Problem: Copy out the complete listing, word for word.
Records for this exercise: Begin
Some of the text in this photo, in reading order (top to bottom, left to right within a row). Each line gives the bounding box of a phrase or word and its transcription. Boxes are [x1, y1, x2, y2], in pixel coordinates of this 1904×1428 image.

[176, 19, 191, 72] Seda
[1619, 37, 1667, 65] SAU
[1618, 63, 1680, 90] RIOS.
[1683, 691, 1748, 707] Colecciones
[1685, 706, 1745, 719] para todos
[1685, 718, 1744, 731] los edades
Records for this exercise: End
Exercise output:
Some of the text in this photo, in reading order (top to bottom, left to right within a row). Each line gives the bounding box of a phrase or word and its transcription. Boxes are [x1, y1, x2, y2], in pixel coordinates of this 1904×1428 image.

[176, 19, 191, 72] Seda
[1619, 37, 1667, 65] SAU
[1618, 63, 1680, 90] RIOS.
[1683, 691, 1748, 707] Colecciones
[1685, 706, 1745, 719] para todos
[1685, 718, 1744, 731] los edades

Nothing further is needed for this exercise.